» **Required action**
Please give the data again exactly, with no line dropped.

Records from a data collection
◆ ◆ ◆ ◆ ◆ ◆ ◆

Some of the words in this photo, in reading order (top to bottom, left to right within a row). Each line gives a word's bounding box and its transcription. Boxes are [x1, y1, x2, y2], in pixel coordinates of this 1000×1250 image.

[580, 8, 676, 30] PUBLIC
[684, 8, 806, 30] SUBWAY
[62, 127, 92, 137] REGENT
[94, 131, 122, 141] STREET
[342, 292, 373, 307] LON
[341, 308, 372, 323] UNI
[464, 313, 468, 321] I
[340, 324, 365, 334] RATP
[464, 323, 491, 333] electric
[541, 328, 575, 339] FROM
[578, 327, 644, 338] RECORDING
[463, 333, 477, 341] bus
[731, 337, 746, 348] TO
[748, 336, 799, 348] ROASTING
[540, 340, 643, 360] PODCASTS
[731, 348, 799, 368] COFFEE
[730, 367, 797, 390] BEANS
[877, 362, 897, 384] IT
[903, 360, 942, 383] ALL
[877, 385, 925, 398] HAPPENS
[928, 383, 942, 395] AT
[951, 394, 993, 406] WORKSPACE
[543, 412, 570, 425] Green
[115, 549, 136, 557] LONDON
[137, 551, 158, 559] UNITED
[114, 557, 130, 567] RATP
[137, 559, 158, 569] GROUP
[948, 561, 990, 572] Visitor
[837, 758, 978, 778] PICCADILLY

◆ ◆ ◆ ◆ ◆ ◆ ◆

» **The completed task**
Some of the words in this photo, in reading order (top to bottom, left to right within a row). Each line gives a word's bounding box and its transcription. Boxes are [x1, y1, x2, y2], in pixel coordinates of this 1000×1250 image.

[580, 8, 676, 30] PUBLIC
[684, 8, 806, 30] SUBWAY
[62, 127, 92, 137] REGENT
[94, 131, 122, 141] STREET
[342, 292, 373, 307] LON
[341, 308, 372, 323] UNI
[464, 313, 468, 321] I
[340, 324, 365, 334] RATP
[464, 323, 491, 333] electric
[541, 328, 575, 339] FROM
[578, 327, 644, 338] RECORDING
[463, 333, 477, 341] bus
[731, 337, 746, 348] TO
[748, 336, 799, 348] ROASTING
[540, 340, 643, 360] PODCASTS
[731, 348, 799, 368] COFFEE
[730, 367, 797, 390] BEANS
[877, 362, 897, 384] IT
[903, 360, 942, 383] ALL
[877, 385, 925, 398] HAPPENS
[928, 383, 942, 395] AT
[951, 394, 993, 406] WORKSPACE
[543, 412, 570, 425] Green
[115, 549, 136, 557] LONDON
[137, 551, 158, 559] UNITED
[114, 557, 130, 567] RATP
[137, 559, 158, 569] GROUP
[948, 561, 990, 572] Visitor
[837, 758, 978, 778] PICCADILLY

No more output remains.